怜奈はその光景を頭の中でイメージし、それを見ながら恍惚の表情を浮かべていた。


「マジで?マジでそれやるの?」


慧は、微かに微笑んだ。


「ああ。やろう。完璧にな」


「どうやるの?その二人…」


伶奈は、その「方法」を想像し始めた。その想像の中で、彼女は、無数の「シナリオ」を描き始めた。


慧は、机の上に座った。その姿勢は、「完全に計画を練る準備がある」ということを示していた。


そして2人はその計画を立て、大まかな流れを決めてから帰るのであった。


 邪悪な企みを学校に残して。

人物紹介(?) 桜庭伶奈


私は生まれてきた頃から完璧だった。

成績も良く、コミュニケーション能力もある。運動もぼちぼちできるし、何より、この「美貌」がある。

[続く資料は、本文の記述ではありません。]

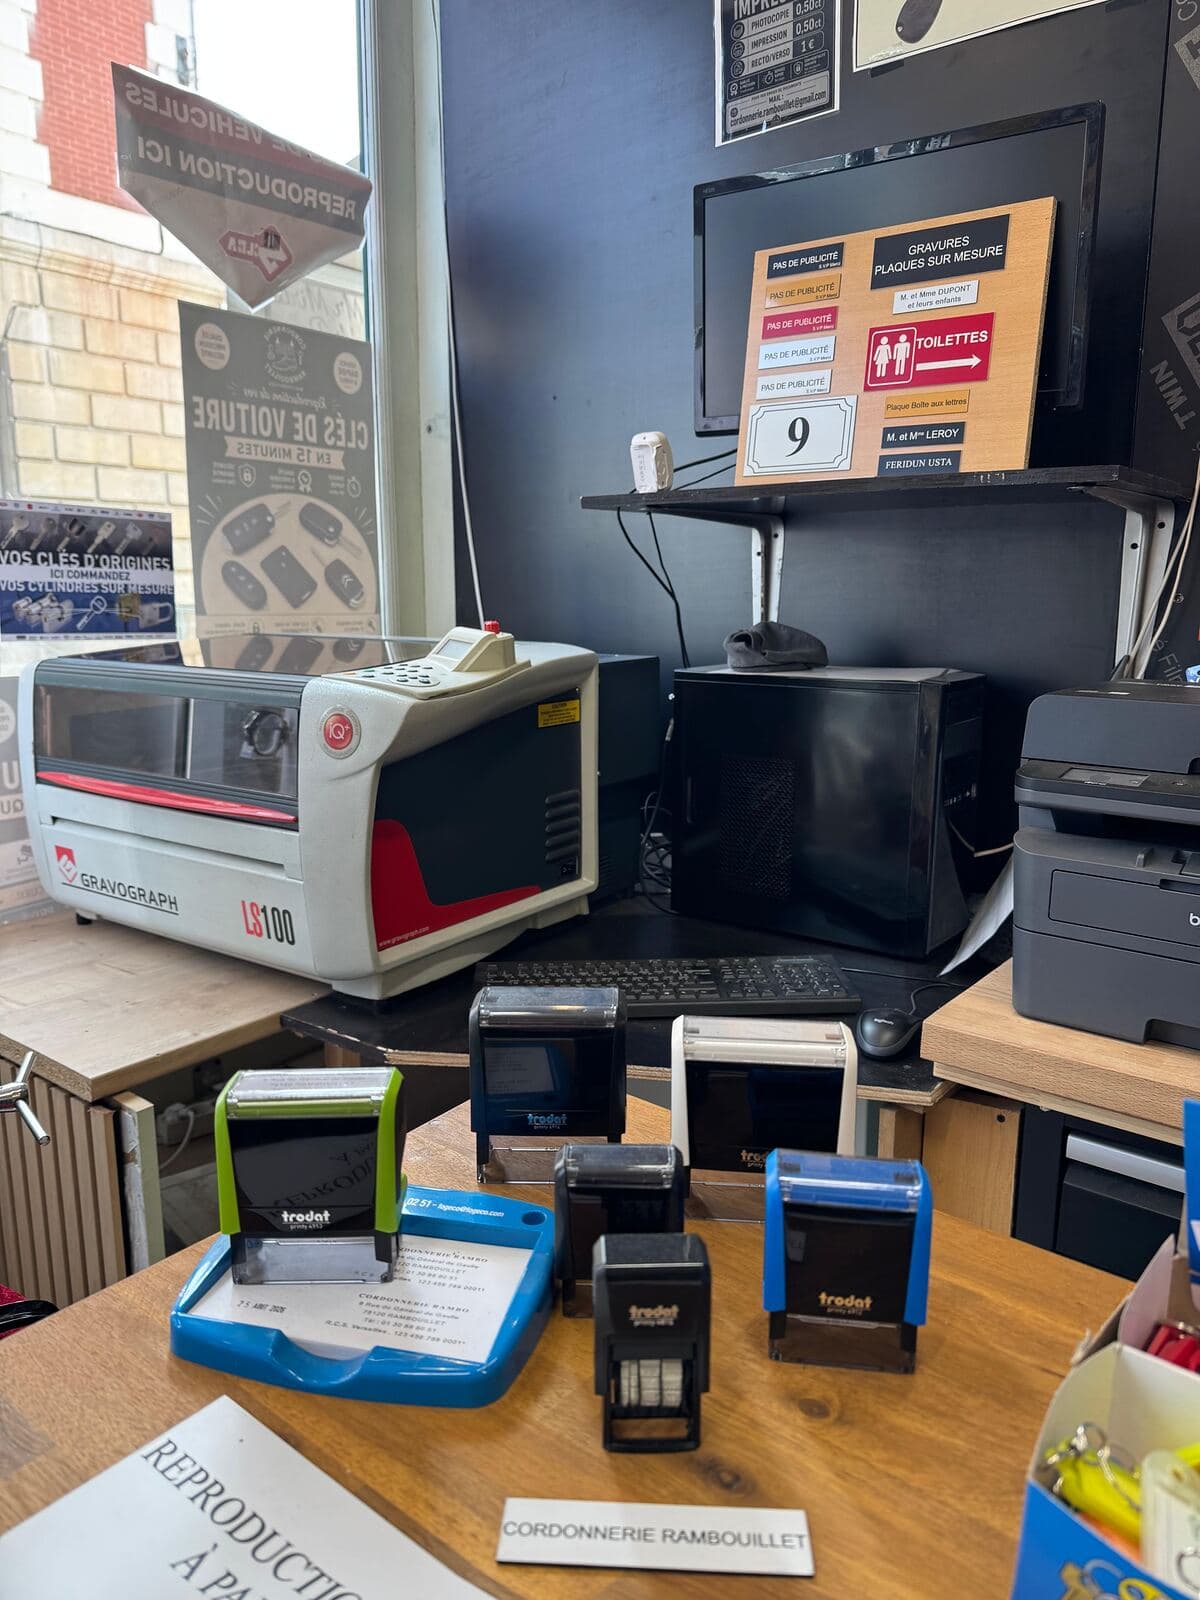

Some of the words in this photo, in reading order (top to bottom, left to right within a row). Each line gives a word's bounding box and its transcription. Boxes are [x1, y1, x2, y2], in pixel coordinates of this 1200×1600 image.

[751, 8, 791, 31] PHOTOCOPIE
[751, 29, 789, 50] IMPRESSION
[795, 17, 822, 36] 0,50ct
[751, 47, 791, 67] RECTO/VERSO
[730, 91, 827, 127] cordonnerie.rambouillet@gmail.com
[908, 235, 970, 256] GRAVURES
[772, 261, 788, 270] PAS
[788, 259, 799, 267] DE
[800, 251, 839, 266] PUBLICITÉ
[874, 258, 925, 276] PLAQUES
[927, 253, 951, 267] SUR
[953, 244, 1004, 263] MESURE
[770, 291, 784, 300] PAS
[785, 289, 797, 298] DE
[796, 282, 836, 296] PUBLICITÉ
[900, 293, 909, 301] M.
[919, 290, 937, 299] Mme
[937, 284, 972, 296] DUPONT
[907, 302, 916, 310] et
[916, 299, 934, 308] leurs
[934, 295, 962, 306] enfants
[766, 321, 782, 331] PAS
[782, 319, 793, 328] DE
[793, 313, 833, 327] PUBLICITÉ
[916, 330, 989, 350] TOILETTES
[764, 352, 778, 361] PAS
[779, 350, 790, 359] DE
[791, 344, 829, 358] PUBLICITÉ
[760, 383, 775, 392] PAS
[775, 382, 787, 390] DE
[787, 376, 825, 389] PUBLICITÉ
[1149, 359, 1196, 430] TWIN
[886, 403, 910, 412] Plaque
[945, 398, 967, 406] lettres
[785, 416, 810, 457] 9
[886, 433, 897, 442] M.
[899, 432, 908, 441] et
[926, 428, 960, 439] LEROY
[885, 459, 926, 469] FERIDUN
[928, 457, 953, 467] USTA
[0, 550, 32, 566] VOS
[36, 547, 80, 568] CLÉS
[84, 554, 171, 571] D'ORIGINES
[50, 569, 65, 579] ICI
[67, 569, 131, 581] COMMANDEZ
[28, 581, 99, 594] CYLINDRES
[101, 583, 126, 595] SUR
[128, 584, 175, 596] MESURE
[80, 873, 179, 912] GRAVOGRAPH
[241, 899, 296, 946] LS100
[528, 1113, 568, 1124] trodat
[420, 1199, 431, 1208] 51
[281, 1210, 331, 1223] trodat
[411, 1263, 467, 1275] RAMBOUILLET
[358, 1292, 429, 1308] CORDONNERIE
[818, 1291, 873, 1310] trodat
[362, 1309, 386, 1318] 78120
[387, 1312, 447, 1326] RAMBOUILLET
[629, 1304, 679, 1319] trodat
[503, 1520, 656, 1543] CORDONNERIE
[662, 1527, 806, 1549] RAMBOUILLET
[169, 1542, 219, 1582] À

私はずっとモテている。小学生の頃に初めて告白されて、それからもずっとモテていた。

だけど何かが足りない。私には全て備わっていた。だけど、なんだろう。心が、満たされなかった....

だけど今ならわかる。初めてナンパされて、初めて行為を行った時、そして、仲の良かったカップルが目の前で喧嘩をし、彼氏さんが彼女さんを思いっきりぶってる時。それらを見て全て分かった。

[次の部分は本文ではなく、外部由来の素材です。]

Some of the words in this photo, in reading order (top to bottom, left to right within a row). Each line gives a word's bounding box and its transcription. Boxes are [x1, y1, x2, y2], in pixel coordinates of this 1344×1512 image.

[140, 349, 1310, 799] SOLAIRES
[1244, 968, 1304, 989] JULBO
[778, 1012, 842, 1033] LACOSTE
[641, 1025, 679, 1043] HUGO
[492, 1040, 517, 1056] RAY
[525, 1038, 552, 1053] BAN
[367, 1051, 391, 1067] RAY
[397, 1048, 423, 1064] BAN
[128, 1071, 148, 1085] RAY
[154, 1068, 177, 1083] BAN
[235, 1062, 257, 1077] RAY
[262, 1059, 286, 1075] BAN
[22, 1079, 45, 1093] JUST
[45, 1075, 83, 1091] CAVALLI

私は、私の中は悪魔なんだ。ああいう行為を気持ちいと思って、絶望してる顔を見るのが大好き。永遠に騙されてるのを見るのが大好き。

だから私は悪女になることにした。せっかくなら、妲己を超える悪女になろう。それでも、バレたらいけない。

だってバレちゃったら二度とこんな遊びができないじゃん。

それに、バレるかどうかわからない中で悪いことをするの。 それって、めっちゃ最高じゃん!